Global–Local (Dual) Sub-Codebooks: In image modeling, Dual Codebook VQ partition encodings into a global component—updated via a transformer that coordinates all codewords contextually—and a local component—quantized deterministically. This complementary division, trained jointly from scratch, enables both global structure and local detail to be preserved, achieving improved FID and reconstruction over prior monolithic codebook or pre-training-dependent approaches (2503.10832).
Multi-Granular Sub-Codebooks in Speech: Segmentation-variant codebooks (SVCs) for speech are constructed over different linguistic units (frames, phones, words, utterances), yielding a set of sub-codebooks specialized for capturing paralinguistic/prosodic information at multiple timescales. Pooling features prior to quantization (pre-pooling) and using KMeans clustering at each granularity enhances transmission of expressive features while controlling bitrate (2505.15667).

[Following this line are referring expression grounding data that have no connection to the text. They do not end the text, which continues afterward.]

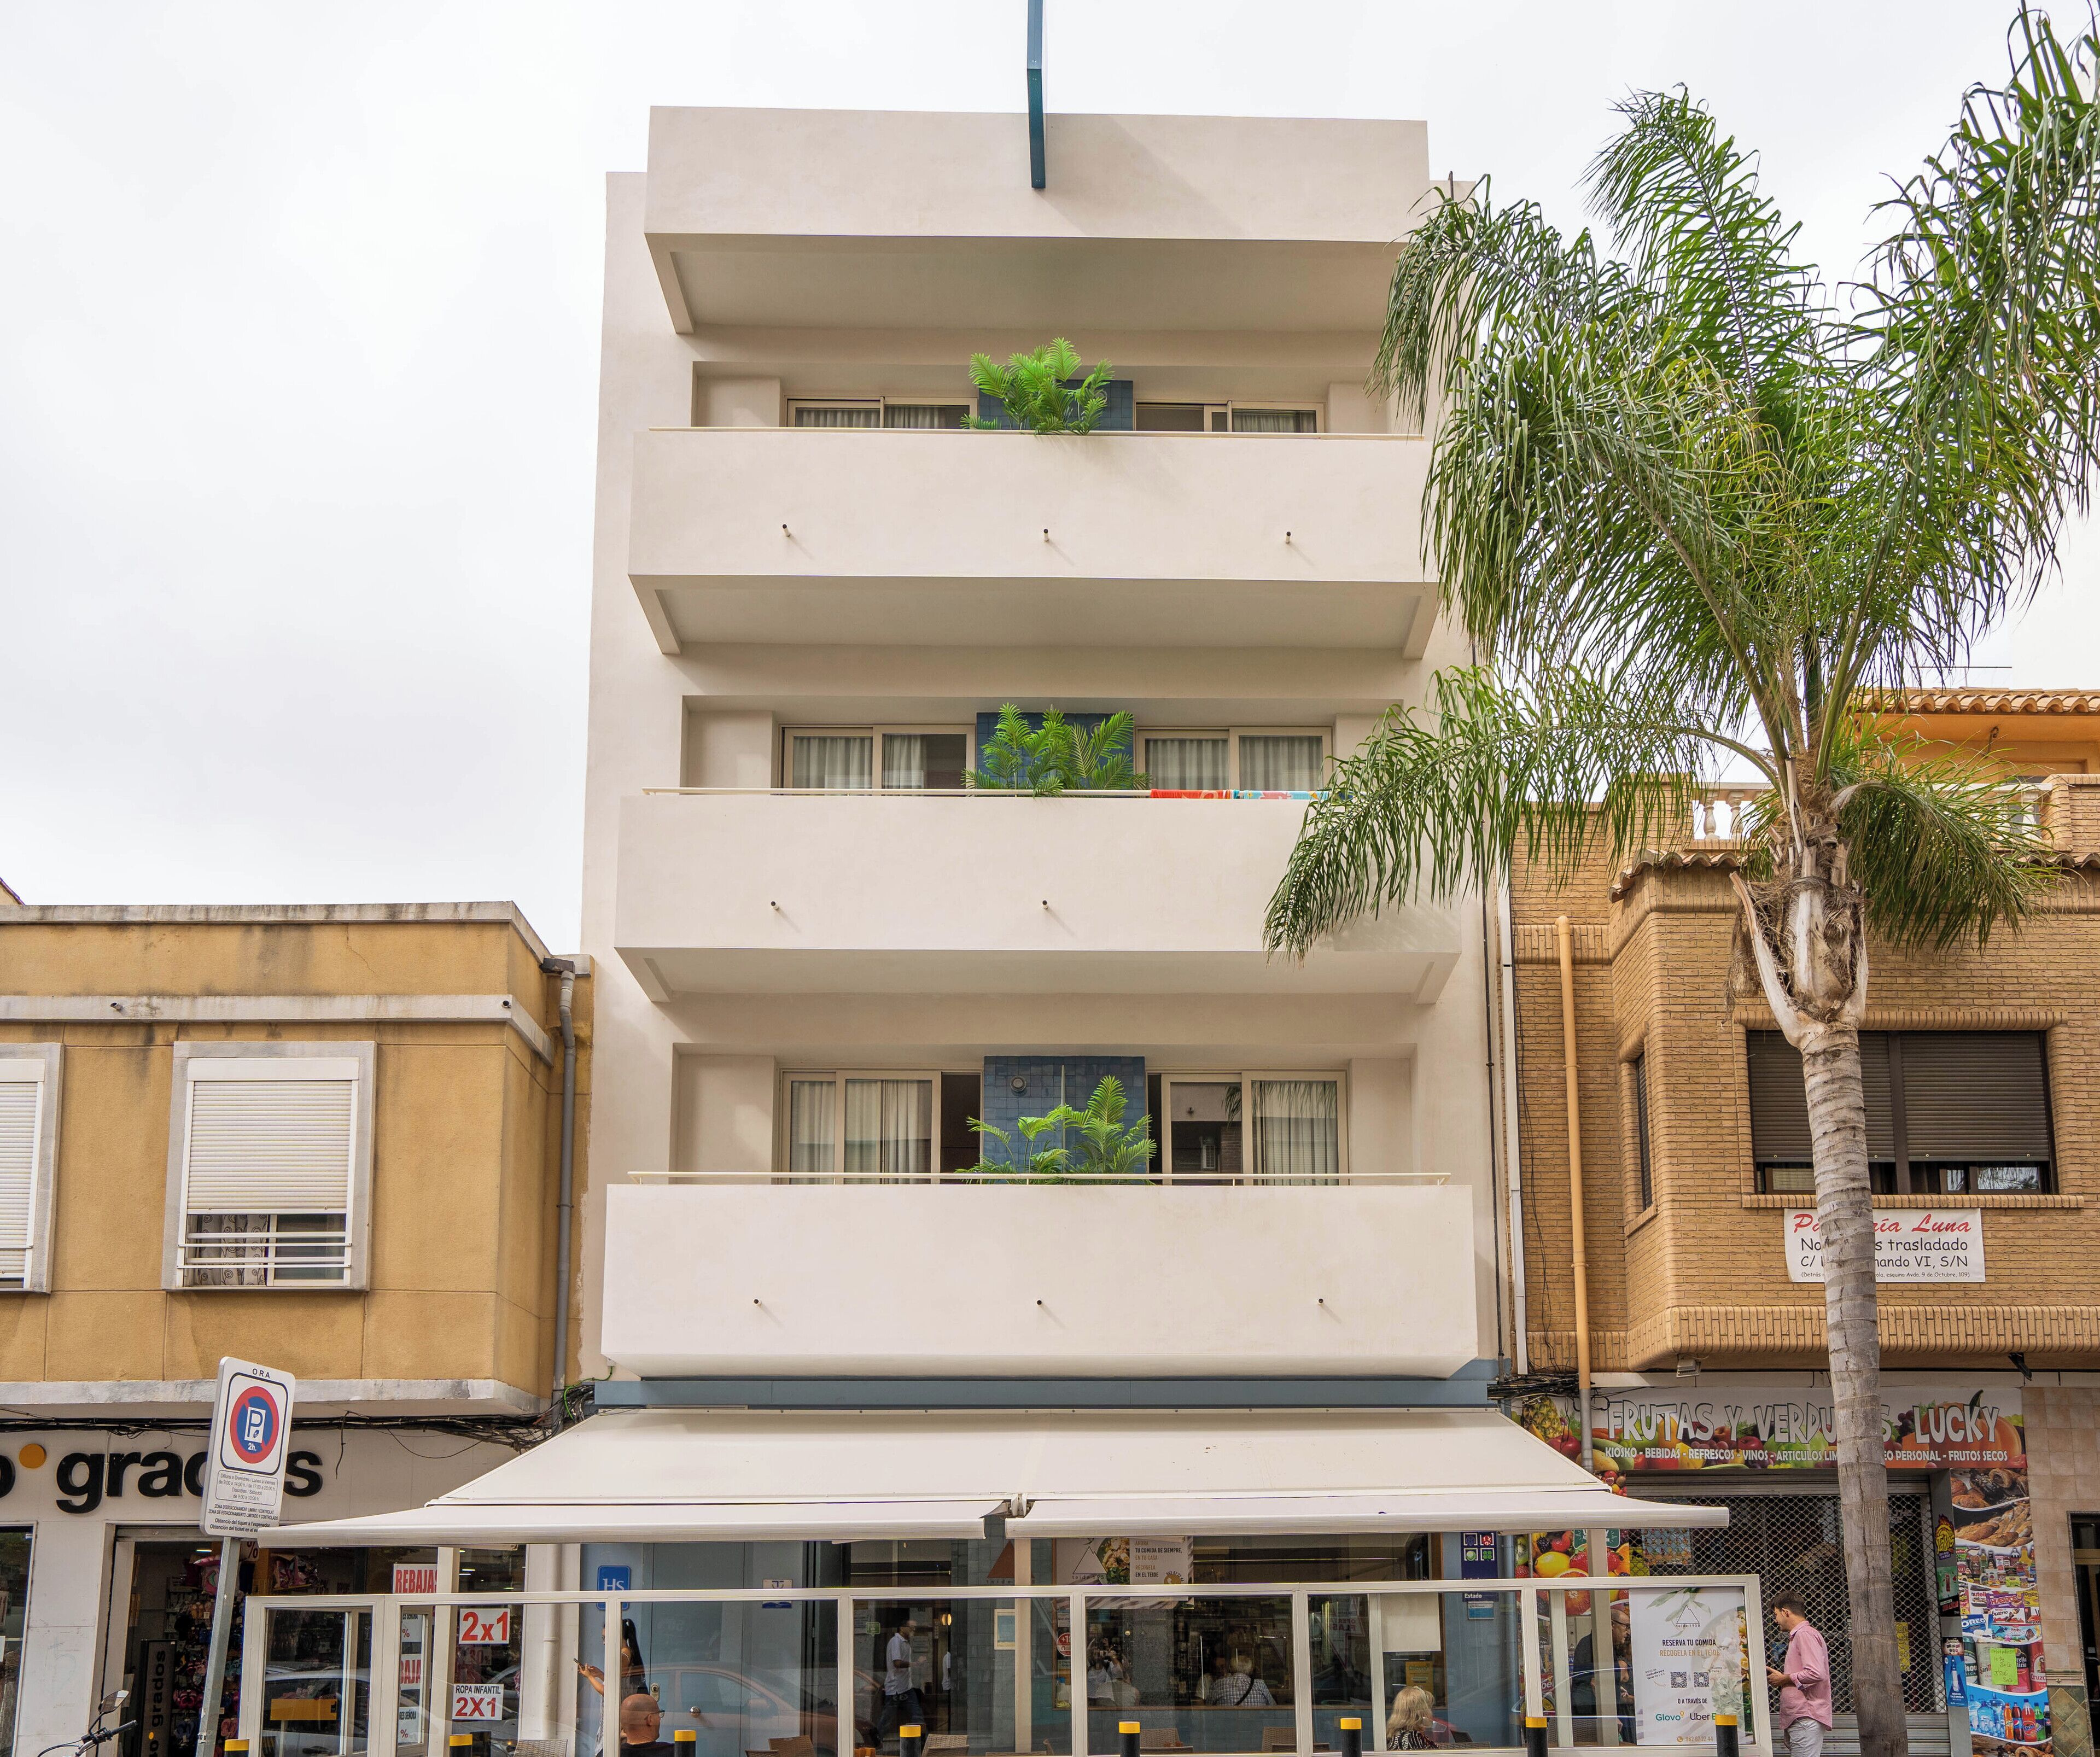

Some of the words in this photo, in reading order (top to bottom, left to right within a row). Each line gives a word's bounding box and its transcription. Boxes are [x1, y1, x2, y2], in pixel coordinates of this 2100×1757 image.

[1911, 1213, 1971, 1233] Luna
[1888, 1238, 1968, 1251] trasladado
[1801, 1255, 1815, 1267] C/
[1875, 1256, 1910, 1267] nando
[1915, 1256, 1935, 1269] VI,
[1940, 1256, 1968, 1267] S/N
[252, 1368, 270, 1379] ORA
[247, 1409, 263, 1438] P
[1607, 1399, 1714, 1441] FRUTAS
[1724, 1405, 1743, 1441] Y
[1753, 1402, 1893, 1444] VERDUS
[1912, 1404, 2000, 1444] LUCKY
[248, 1443, 257, 1451] 2h.
[1605, 1447, 1637, 1458] KIOSKO
[1645, 1447, 1681, 1459] BEBIDAS
[1688, 1448, 1735, 1460] REFRESCOS
[1743, 1449, 1768, 1460] VINOS
[1776, 1450, 1822, 1461] ARTICULOS
[1896, 1451, 1941, 1461] PERSONAL
[1949, 1451, 1980, 1461] FRUTOS
[1983, 1451, 2008, 1462] SECOS
[1962, 1619, 1986, 1627] OREO
[456, 1685, 472, 1694] ROPA
[474, 1685, 501, 1694] INFANTIL
[455, 1697, 497, 1717] 2X1

6. Implementation Considerations and System-Level Impact

Codebook and Cache Organization for Efficient Inference: Efficient inference with vector quantization, particularly on memory-constrained or bandwidth-limited hardware (e.g., CPUs, GPUs, edge devices), often requires careful cache and memory hierarchy design for codebook access. Hierarchical caching of sub-codebooks in registers, shared memory, and off-chip memory (with adaptive allocation based on access frequency) significantly reduces latency, as demonstrated in VQ-LLM, enabling vector quantization schemes to achieve throughput comparable to or better than element-wise quantization at similar bitwidths (2503.02236).
Decoding, Scalability, and Parallel Processing: In large-scale vector search, approximate decoding using pairwise additive sub-codebooks, fast pre-selection heuristics, and parallelized lookup/combination routines ensures that the representational gains of sub-codebooks do not incur prohibitive computational or memory cost (2501.03078).
Hardware Efficiency: Symmetric and structured sub-codebooks, such as those based on the E8 lattice for blockwise quantization or designed for efficient SIMD unpacking, enable high computational density and low dequantization overhead—key requirements for deploying quantized models in real-time applications (2402.04396, 2501.00032).

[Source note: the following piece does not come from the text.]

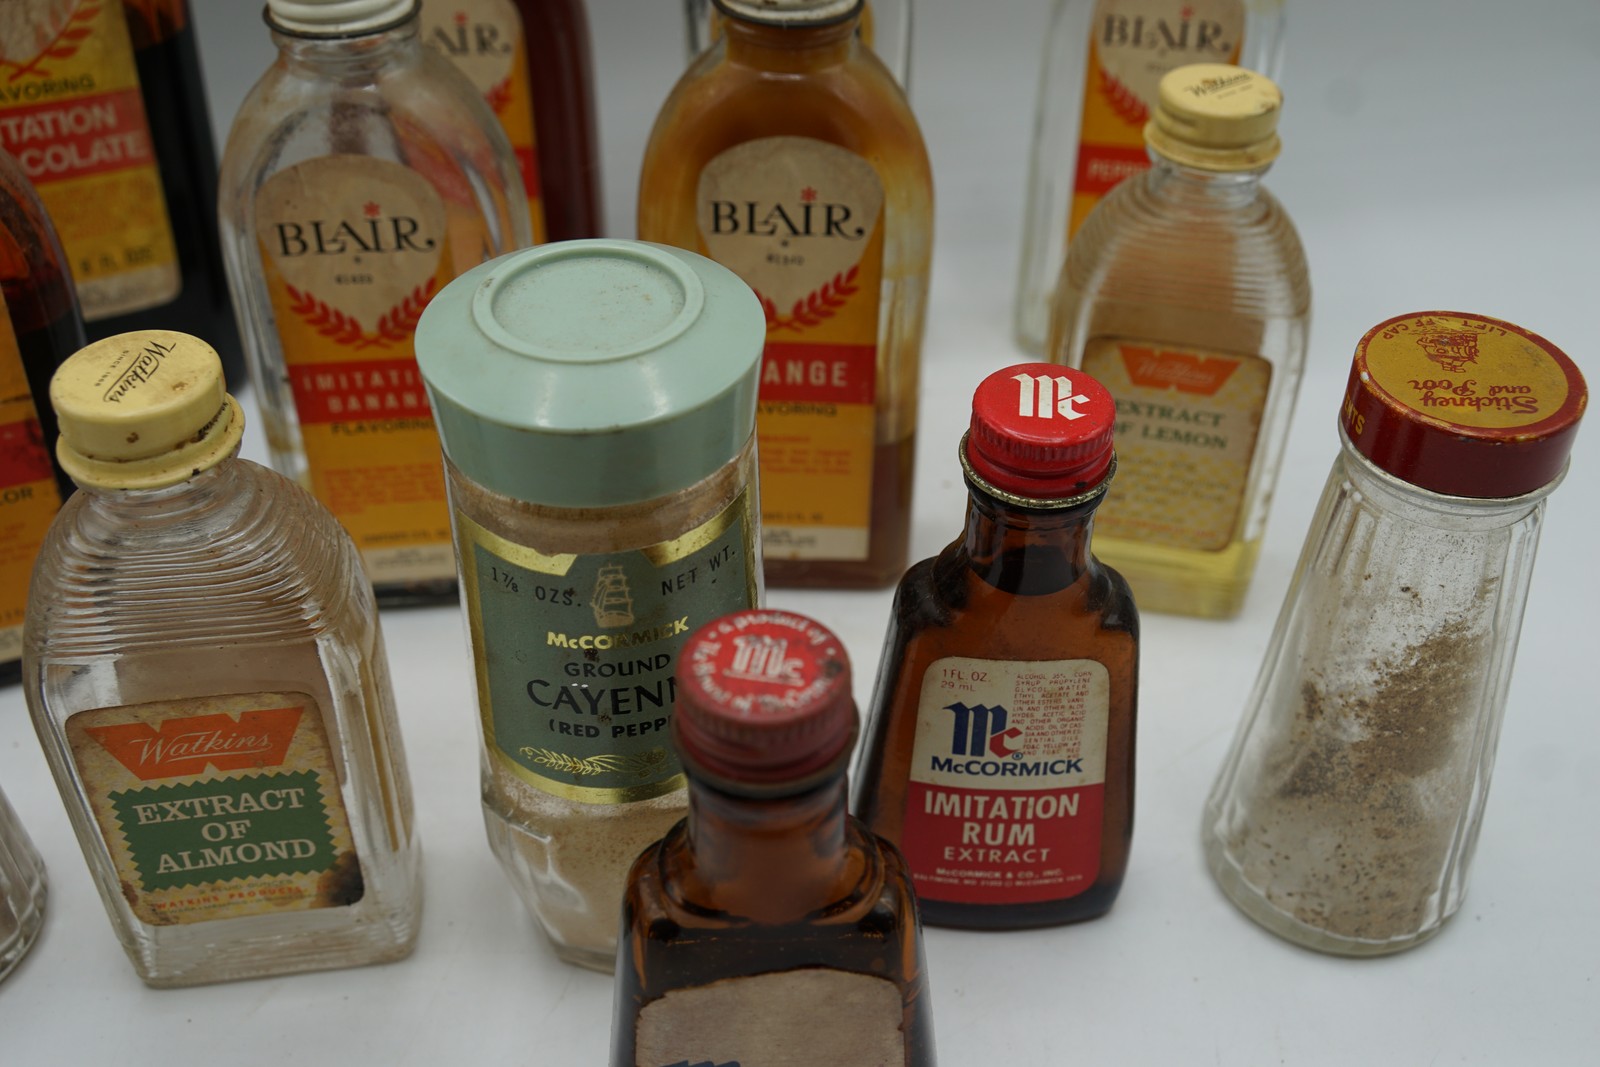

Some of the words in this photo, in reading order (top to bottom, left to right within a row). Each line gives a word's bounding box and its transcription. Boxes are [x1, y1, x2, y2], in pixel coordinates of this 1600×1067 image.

7. Limitations, Trade-offs, and Future Directions

The use of sub-codebooks introduces several design considerations and trade-offs:

Overhead vs. Flexibility: Storing per-block or per-group sub-codebook selectors and scaling factors increases overhead, sometimes by ~0.5 bits per scalar, but is generally offset by marked improvements in quantization error and inference accuracy (2502.05376).
Scalability: Increasing the number of sub-codebooks enlarges the representational capacity and may ease optimization, but also increases parameter management complexity and necessitates careful hardware-aware tuning to retain throughput gains (2503.02236, 2507.07997).
Joint vs. Independent Modeling: Joint (e.g., pairwise) sub-codebook decoding better captures statistical dependencies but adds complexity in encoding/decoding; thus, practical systems strike a balance between speed and accuracy by selecting pre-selection or beam-search heuristics (2501.03078).

Future work will likely focus on adaptive partitioning strategies (potentially data-driven or neural network–controlled), dynamic codebook assignment, and domain-specific exploitation of multi-granular sub-codebook hierarchies. Such developments aim to further bridge the performance gap between discrete and continuous coding, maximize hardware and communication efficiency, and extend quantization theory and methodology to new data modalities and application domains.